Bhopal: Despite cold weather, tourists flood resorts

Bhopal: Despite the mercury hovering around freezing point, forest buffer zone of Madhya Pradesh witnessed rush of tourists for New Year Celebrations. Enthusiasm of the tourists resulted in flooding of forest department resorts and Madhya Pradesh Tourism Development Corporation (MPTDC) properties this New Year. The resorts are sold out from last five days and the scenario will remain the same till January 5 in Madhya Pradesh.

Both MPTDC as well as Forest Department have number of resorts to promote tourism in buffer zones. Besides, there are private players who have opened their resorts in buffer zone. Domestic as well as foreign tourist book resorts on-line during this peak season.

Tourists have to pay 20 per cent more during peak season but even though, rooms are fully booked in buffer zone of forest areas. Madhya Pradesh government scaled up tourism activities in buffer zones — areas of land outside the core regions for environmental protection — of tiger reserves to promote the locales and improve the source of income for the residents.

Managing Director (MD) MPTDC lliyaraja T said, “We have 1250 rooms in various resorts all over forest areas of the state. Domestic as well as foreign tourists flood during such peak season. With even 20 per cent hike, our hotels are booked. Room ranges from Rs 1,900 to Rs 5,000 for 24 hours. We did fairly good business for last 5 days as resorts are overbooked. Even Pachmarhi, when temperature was below freezing point, resorts were booked. In fact, we have on-line booking facilities.”

Additional Principal Chief Forest Conservators Alok Kumar said, “We have 500 resorts in forest areas. This year, we did good business. Peak period runs from December 25 to January 5. This year, resorts are full in forest areas ranging Rs 4000 to Rs 5000 with good business. Exact business, we have to sum up the entire reports from resorts. And it takes time.”
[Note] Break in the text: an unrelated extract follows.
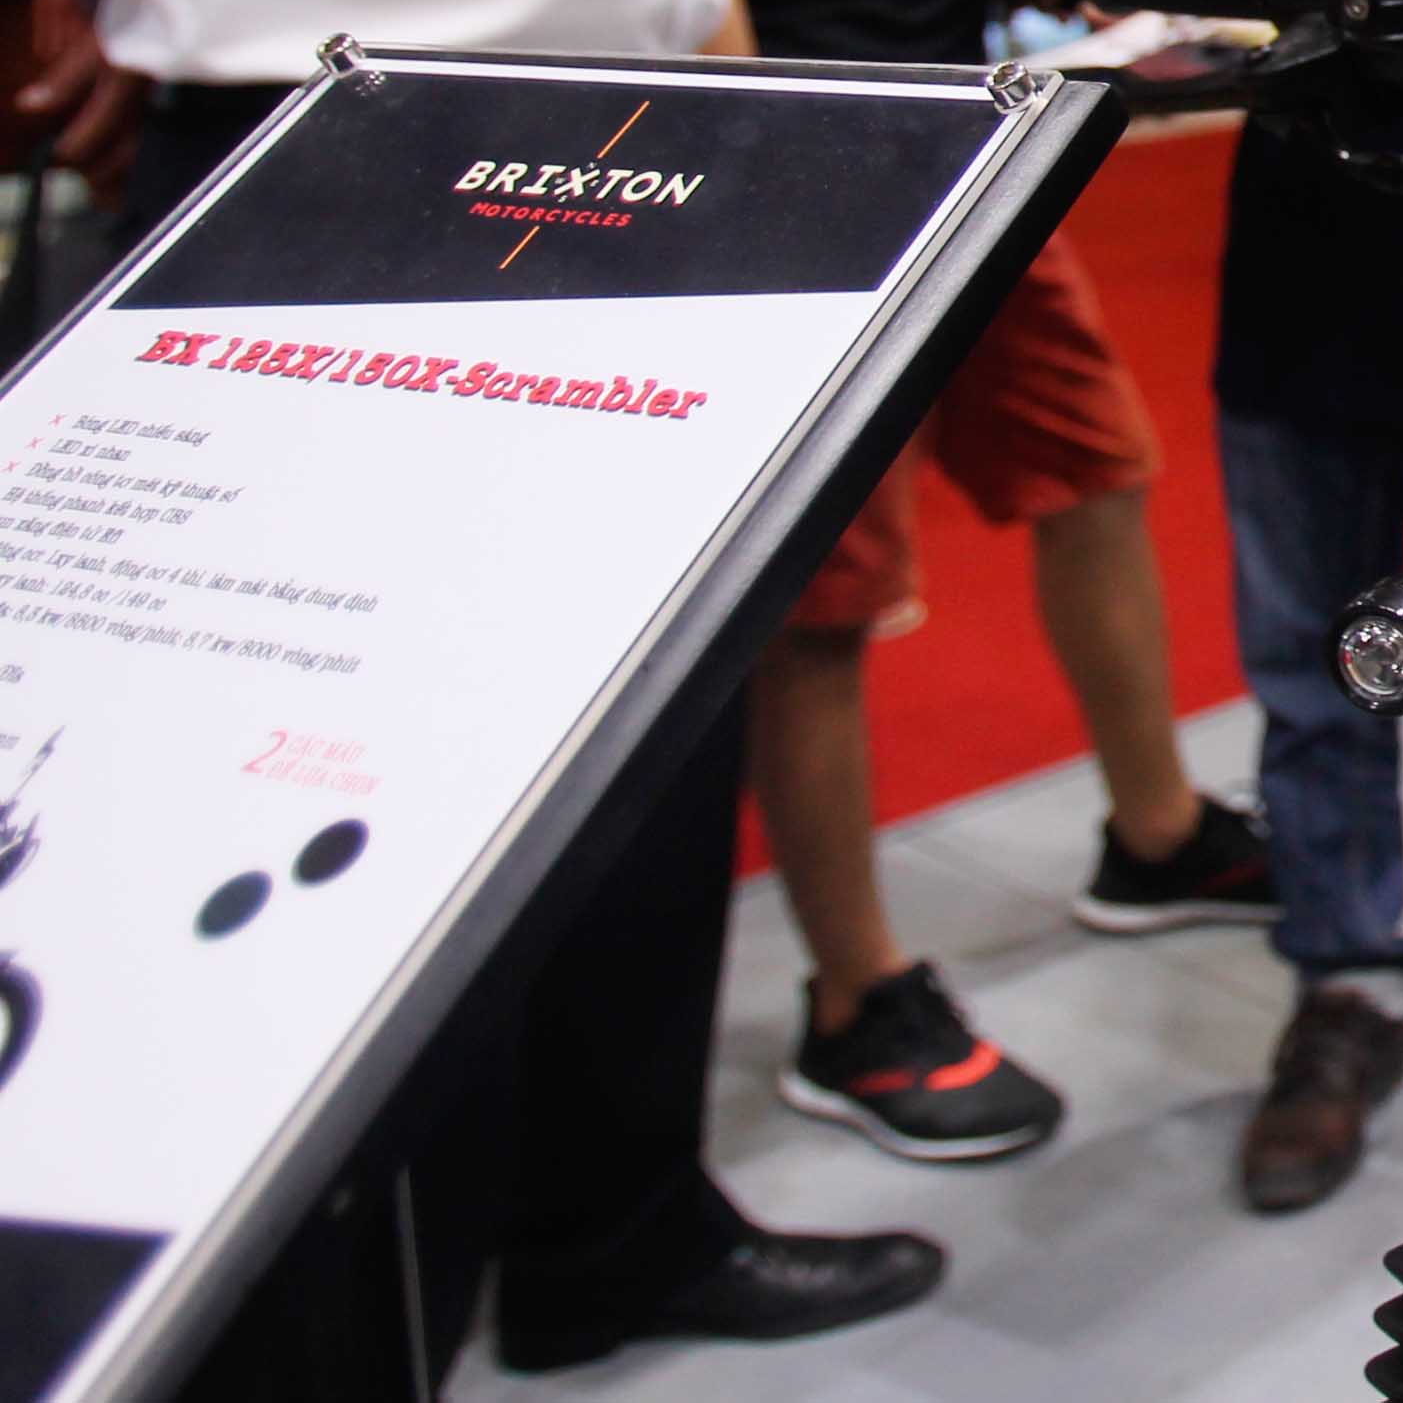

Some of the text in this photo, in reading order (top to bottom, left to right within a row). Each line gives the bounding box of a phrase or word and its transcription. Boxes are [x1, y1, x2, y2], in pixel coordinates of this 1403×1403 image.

The buffer forest which was originally community agriculture land has been collectively gazetted for tourism by the community. This helps to reduce the vulnerability of the park ecosystem to human extractive activities such as poaching. This also reduces the incidences of human wildlife conflicts since the wild animals from the park find it hard to access farmer’s crops grown far from the buffer of the Park Forest.